(SOURCE DATA Opens)

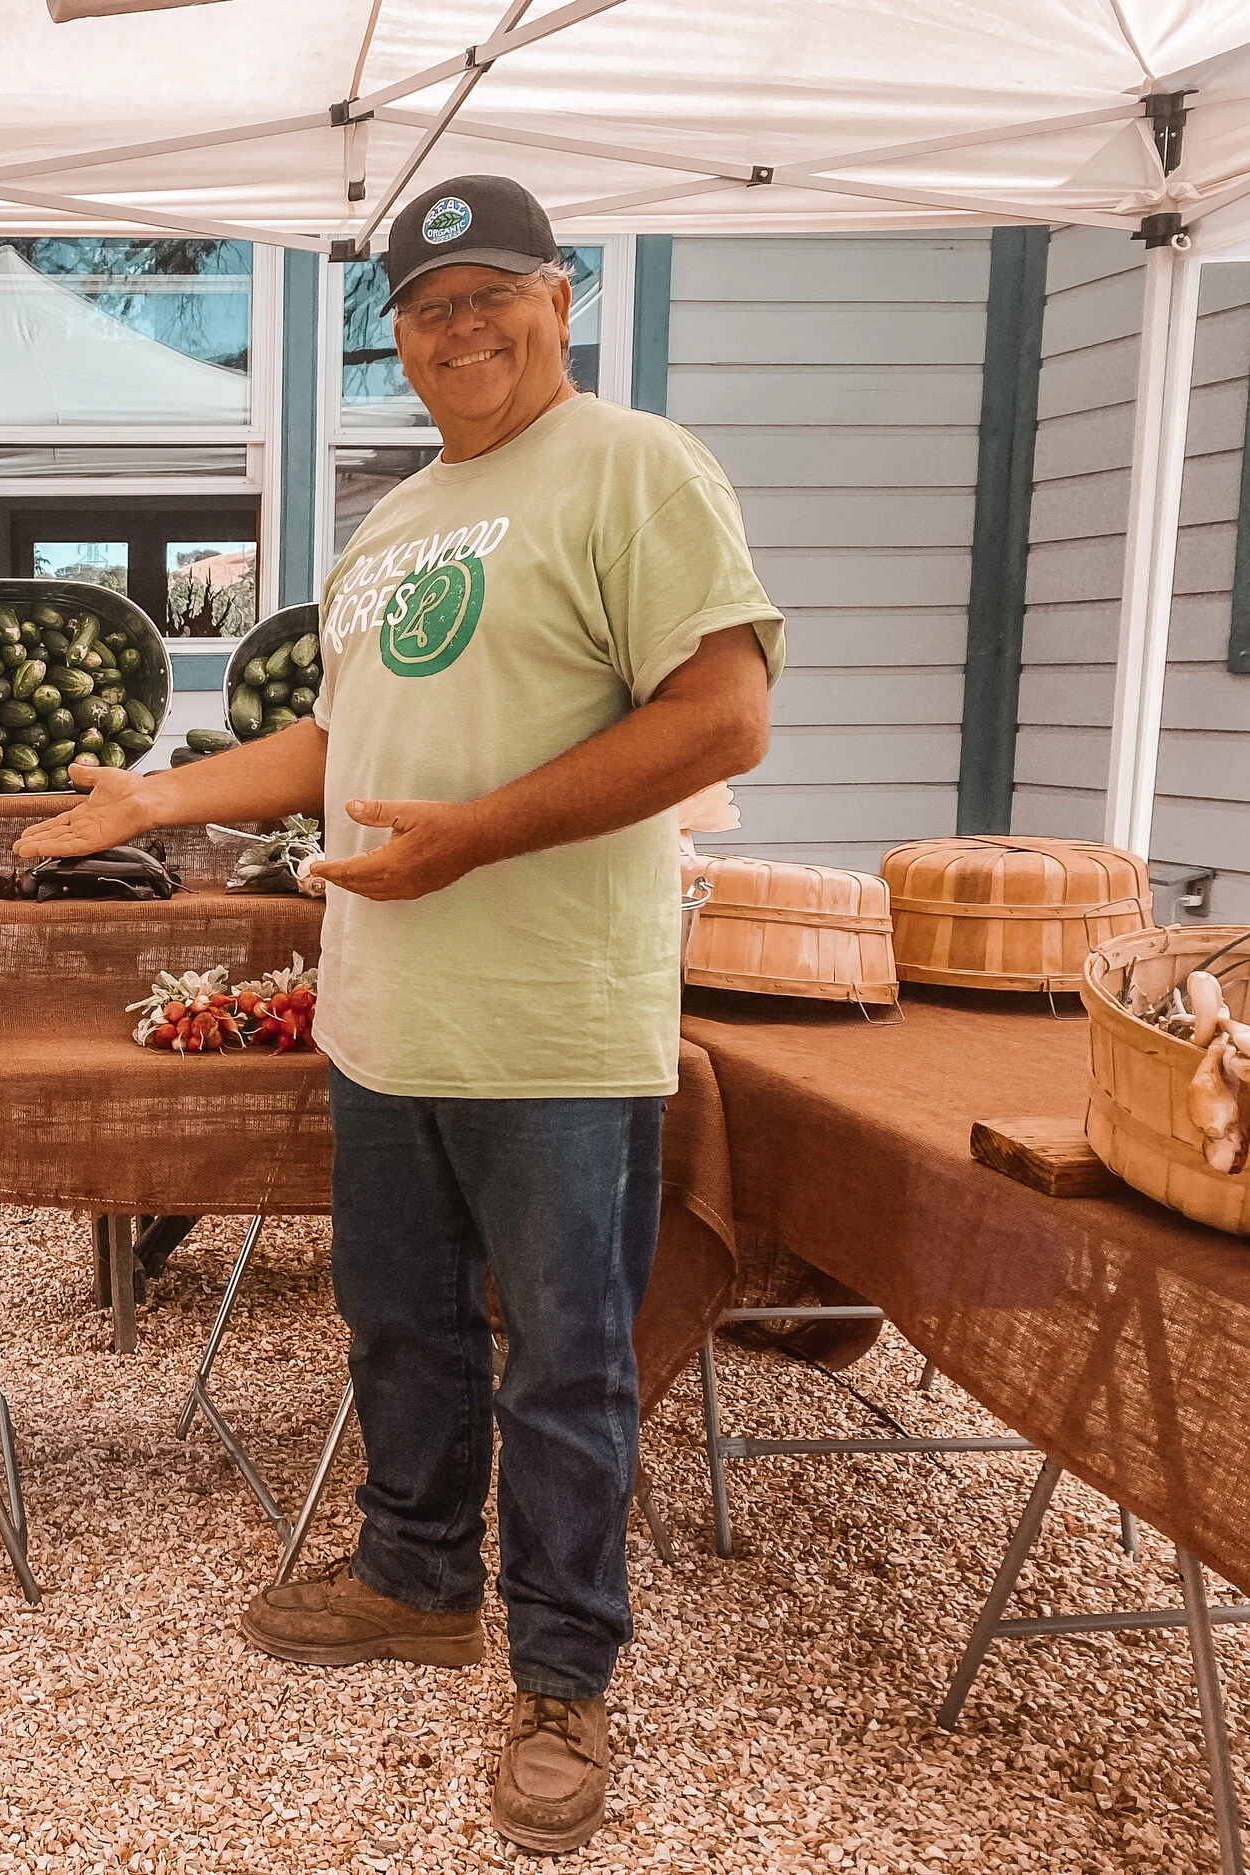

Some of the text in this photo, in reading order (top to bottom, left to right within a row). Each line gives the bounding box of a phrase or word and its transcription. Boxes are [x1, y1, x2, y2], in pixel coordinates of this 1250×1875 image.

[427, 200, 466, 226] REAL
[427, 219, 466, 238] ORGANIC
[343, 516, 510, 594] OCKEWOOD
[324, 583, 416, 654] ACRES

(SOURCE DATA Closes)

### WHAT YOU WILL DO
Only the text of the records belongs in your answer, repeated exactly; the pictures stay out.

### TASK RESPONSE
Some of the text in this photo, in reading order (top to bottom, left to right within a row). Each line gives the bounding box of a phrase or word and its transcription. Boxes are [x1, y1, x2, y2], in pixel coordinates of this 1250×1875 image.

[427, 200, 466, 226] REAL
[427, 219, 466, 238] ORGANIC
[343, 516, 510, 594] OCKEWOOD
[324, 583, 416, 654] ACRES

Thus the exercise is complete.